Action item:
Set down exactly the lines from the one containing "this 2212×1659 image." through the last line of the records below, both included, and nothing else.

Segment Start: Supplied entries

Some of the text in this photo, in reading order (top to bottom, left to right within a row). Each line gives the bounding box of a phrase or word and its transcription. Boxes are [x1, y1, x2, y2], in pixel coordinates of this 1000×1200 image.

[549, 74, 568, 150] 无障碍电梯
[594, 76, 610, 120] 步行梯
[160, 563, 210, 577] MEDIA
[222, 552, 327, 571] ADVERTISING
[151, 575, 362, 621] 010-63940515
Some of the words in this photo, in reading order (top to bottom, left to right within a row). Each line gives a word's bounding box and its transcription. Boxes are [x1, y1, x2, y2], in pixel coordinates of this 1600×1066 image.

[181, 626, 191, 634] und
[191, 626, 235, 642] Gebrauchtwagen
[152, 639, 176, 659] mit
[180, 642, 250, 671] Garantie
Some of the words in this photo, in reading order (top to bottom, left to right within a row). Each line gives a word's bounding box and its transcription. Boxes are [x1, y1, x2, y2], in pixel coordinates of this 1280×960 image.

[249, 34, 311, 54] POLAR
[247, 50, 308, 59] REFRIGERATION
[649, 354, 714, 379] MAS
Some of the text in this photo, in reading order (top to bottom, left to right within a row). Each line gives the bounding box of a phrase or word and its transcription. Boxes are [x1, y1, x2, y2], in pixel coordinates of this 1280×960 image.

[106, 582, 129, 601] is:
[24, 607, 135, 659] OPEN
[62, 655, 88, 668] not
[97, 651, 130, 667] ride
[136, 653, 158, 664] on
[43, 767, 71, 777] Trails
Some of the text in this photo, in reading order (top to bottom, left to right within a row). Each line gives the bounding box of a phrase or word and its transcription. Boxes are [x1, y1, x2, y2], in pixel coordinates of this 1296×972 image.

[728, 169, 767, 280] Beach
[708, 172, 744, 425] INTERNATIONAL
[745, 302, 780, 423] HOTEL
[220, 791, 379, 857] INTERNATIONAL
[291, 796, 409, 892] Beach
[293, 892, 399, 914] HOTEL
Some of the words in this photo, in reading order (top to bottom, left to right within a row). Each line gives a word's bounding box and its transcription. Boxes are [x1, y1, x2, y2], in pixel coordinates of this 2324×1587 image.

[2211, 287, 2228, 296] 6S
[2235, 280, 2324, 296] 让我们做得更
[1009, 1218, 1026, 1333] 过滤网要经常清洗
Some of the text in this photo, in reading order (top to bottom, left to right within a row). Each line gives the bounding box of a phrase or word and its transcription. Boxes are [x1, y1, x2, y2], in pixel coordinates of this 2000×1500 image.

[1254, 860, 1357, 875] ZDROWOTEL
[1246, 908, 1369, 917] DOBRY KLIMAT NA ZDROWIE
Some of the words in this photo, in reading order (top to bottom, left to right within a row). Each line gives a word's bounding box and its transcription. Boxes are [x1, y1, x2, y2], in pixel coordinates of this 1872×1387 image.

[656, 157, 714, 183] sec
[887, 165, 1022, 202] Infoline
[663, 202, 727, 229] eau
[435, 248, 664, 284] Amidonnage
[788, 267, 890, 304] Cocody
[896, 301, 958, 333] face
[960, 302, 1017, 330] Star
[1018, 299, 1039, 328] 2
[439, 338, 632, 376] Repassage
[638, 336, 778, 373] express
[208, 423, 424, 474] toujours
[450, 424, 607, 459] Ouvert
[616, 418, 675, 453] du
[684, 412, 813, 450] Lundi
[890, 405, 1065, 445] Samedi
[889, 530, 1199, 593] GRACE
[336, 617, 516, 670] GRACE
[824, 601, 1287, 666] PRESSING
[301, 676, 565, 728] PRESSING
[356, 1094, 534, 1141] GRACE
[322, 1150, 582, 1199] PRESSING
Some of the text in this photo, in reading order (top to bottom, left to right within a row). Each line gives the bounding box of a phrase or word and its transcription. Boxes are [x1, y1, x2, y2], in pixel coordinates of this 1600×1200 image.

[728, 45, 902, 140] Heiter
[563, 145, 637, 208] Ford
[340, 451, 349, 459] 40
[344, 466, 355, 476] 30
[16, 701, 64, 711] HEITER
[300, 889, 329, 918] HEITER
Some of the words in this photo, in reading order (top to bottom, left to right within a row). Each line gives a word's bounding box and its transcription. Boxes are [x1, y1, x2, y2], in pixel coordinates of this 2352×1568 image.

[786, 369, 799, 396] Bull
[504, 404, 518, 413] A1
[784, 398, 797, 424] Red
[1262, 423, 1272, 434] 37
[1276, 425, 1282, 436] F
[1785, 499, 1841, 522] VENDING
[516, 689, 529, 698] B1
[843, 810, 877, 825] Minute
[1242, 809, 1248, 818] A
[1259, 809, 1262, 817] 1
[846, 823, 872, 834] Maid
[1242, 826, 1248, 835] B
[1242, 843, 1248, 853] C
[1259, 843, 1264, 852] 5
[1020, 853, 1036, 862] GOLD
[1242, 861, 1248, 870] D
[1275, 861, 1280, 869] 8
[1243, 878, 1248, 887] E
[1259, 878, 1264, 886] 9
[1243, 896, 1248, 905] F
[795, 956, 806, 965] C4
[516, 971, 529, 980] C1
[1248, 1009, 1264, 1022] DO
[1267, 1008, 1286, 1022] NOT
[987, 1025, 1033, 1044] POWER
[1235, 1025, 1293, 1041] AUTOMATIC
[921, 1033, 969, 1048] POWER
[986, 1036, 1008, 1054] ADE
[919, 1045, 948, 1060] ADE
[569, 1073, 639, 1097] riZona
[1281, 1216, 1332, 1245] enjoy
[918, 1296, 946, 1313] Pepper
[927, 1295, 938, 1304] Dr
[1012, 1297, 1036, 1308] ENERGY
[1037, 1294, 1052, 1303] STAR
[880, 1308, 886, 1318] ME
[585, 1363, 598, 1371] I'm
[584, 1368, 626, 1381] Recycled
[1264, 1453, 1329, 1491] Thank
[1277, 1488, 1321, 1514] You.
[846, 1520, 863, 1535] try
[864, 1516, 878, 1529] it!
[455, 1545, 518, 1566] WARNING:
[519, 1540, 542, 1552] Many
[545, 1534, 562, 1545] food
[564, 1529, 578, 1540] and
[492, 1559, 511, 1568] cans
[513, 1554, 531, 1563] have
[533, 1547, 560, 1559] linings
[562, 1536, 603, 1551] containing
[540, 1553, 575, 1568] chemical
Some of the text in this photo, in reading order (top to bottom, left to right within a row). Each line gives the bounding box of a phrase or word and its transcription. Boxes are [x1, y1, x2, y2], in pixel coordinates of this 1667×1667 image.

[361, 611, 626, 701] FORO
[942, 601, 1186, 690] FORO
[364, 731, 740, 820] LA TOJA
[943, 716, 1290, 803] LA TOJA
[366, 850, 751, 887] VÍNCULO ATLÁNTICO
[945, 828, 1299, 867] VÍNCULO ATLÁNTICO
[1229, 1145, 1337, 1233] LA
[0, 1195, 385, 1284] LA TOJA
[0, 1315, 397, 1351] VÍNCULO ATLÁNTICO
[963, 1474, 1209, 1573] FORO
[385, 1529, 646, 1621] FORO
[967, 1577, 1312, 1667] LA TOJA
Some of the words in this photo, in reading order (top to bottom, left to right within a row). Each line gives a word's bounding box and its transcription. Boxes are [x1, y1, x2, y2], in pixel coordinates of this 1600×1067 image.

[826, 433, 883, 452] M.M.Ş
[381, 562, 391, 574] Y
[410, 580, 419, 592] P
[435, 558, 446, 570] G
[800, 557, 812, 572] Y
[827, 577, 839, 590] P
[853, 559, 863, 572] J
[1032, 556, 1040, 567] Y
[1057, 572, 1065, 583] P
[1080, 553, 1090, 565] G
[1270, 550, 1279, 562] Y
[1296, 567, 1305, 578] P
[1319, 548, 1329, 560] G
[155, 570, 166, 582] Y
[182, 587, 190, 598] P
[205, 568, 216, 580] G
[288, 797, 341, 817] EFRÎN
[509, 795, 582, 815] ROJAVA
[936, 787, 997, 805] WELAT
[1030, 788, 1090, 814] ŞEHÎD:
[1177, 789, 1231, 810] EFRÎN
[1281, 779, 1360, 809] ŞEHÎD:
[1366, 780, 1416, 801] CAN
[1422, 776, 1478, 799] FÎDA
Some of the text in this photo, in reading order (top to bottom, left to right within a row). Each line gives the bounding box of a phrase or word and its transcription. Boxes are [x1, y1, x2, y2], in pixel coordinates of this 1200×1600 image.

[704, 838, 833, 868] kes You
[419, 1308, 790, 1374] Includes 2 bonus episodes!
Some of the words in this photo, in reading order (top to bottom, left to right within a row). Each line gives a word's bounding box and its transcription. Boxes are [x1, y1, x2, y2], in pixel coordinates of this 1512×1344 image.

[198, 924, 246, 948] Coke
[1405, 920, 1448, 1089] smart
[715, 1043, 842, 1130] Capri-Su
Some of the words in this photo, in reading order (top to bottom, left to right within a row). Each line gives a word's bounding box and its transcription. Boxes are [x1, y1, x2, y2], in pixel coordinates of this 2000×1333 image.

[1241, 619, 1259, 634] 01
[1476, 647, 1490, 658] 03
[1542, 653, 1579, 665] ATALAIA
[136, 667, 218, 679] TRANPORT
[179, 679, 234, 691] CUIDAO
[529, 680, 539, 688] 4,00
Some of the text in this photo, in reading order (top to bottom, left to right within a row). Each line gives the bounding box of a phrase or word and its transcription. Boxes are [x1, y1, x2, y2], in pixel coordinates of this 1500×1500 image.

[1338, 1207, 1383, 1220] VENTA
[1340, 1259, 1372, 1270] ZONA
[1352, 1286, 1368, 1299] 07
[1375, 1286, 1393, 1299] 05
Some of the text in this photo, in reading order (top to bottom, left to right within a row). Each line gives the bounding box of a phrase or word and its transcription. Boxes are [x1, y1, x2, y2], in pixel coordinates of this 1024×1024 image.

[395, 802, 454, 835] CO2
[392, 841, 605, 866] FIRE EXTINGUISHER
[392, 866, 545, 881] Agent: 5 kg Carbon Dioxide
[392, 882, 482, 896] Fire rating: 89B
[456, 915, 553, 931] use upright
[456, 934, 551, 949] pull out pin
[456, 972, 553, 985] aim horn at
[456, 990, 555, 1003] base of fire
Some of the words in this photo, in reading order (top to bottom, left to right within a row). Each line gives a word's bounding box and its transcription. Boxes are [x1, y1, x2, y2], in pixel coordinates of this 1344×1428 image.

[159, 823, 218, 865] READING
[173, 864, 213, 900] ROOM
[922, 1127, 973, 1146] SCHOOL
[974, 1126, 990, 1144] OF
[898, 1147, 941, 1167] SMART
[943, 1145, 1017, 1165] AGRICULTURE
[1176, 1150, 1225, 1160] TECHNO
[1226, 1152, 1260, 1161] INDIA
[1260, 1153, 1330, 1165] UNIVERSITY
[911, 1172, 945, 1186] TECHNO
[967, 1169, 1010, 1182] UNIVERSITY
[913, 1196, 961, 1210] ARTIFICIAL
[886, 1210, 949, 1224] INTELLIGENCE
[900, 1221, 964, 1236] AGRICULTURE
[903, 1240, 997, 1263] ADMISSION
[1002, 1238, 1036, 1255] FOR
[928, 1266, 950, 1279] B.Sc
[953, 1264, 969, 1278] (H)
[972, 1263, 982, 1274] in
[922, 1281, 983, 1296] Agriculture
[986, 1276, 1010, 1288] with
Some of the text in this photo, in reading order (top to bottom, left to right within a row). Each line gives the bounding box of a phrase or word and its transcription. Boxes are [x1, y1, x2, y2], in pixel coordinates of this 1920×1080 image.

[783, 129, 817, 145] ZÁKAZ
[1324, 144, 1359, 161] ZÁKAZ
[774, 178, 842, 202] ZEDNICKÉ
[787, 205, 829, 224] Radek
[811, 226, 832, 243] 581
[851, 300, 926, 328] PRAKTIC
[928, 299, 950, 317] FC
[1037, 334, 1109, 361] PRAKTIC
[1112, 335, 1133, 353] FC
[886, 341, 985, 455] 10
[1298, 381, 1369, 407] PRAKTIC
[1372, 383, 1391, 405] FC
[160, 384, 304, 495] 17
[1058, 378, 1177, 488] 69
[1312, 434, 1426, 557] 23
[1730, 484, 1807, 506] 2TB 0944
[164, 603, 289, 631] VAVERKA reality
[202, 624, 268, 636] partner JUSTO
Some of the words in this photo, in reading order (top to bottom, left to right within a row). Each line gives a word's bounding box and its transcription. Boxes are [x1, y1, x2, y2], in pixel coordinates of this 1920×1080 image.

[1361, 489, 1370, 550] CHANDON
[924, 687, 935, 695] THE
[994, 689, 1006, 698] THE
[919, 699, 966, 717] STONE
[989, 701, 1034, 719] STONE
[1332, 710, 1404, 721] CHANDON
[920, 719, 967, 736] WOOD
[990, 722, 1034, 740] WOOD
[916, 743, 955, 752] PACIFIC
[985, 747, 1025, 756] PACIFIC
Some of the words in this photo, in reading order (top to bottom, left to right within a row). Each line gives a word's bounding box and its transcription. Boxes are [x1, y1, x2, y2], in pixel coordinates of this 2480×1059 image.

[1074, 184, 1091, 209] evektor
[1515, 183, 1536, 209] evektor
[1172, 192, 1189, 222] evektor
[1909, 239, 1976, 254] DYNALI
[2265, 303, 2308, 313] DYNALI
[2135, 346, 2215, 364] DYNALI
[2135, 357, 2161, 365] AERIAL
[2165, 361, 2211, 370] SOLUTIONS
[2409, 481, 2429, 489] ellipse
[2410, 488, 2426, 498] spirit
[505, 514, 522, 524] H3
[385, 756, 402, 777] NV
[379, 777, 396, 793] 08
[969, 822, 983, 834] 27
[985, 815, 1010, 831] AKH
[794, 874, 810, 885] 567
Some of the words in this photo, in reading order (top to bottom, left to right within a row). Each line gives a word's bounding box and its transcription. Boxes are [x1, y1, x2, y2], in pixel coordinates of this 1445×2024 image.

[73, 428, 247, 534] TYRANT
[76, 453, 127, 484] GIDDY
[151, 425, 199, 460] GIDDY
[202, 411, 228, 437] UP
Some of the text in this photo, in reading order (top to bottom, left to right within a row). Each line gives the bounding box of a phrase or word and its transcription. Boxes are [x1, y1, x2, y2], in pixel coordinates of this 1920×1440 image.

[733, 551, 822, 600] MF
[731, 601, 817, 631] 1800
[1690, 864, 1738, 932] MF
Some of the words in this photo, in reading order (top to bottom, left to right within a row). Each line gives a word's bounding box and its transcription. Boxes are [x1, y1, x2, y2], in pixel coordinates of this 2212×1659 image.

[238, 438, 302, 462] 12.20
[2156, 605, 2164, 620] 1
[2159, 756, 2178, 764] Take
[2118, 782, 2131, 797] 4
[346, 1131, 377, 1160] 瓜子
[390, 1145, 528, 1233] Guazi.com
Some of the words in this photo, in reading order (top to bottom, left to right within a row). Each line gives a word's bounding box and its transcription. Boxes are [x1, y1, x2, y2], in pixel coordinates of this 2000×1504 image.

Segment End: Supplied entries

Solution for this exercise:
Some of the words in this photo, in reading order (top to bottom, left to right within a row). Each line gives a word's bounding box and its transcription. Boxes are [x1, y1, x2, y2], in pixel coordinates of this 2212×1659 image.

[238, 438, 302, 462] 12.20
[2156, 605, 2164, 620] 1
[2159, 756, 2178, 764] Take
[2118, 782, 2131, 797] 4
[346, 1131, 377, 1160] 瓜子
[390, 1145, 528, 1233] Guazi.com
Some of the words in this photo, in reading order (top to bottom, left to right within a row). Each line gives a word's bounding box and its transcription. Boxes are [x1, y1, x2, y2], in pixel coordinates of this 2000×1504 image.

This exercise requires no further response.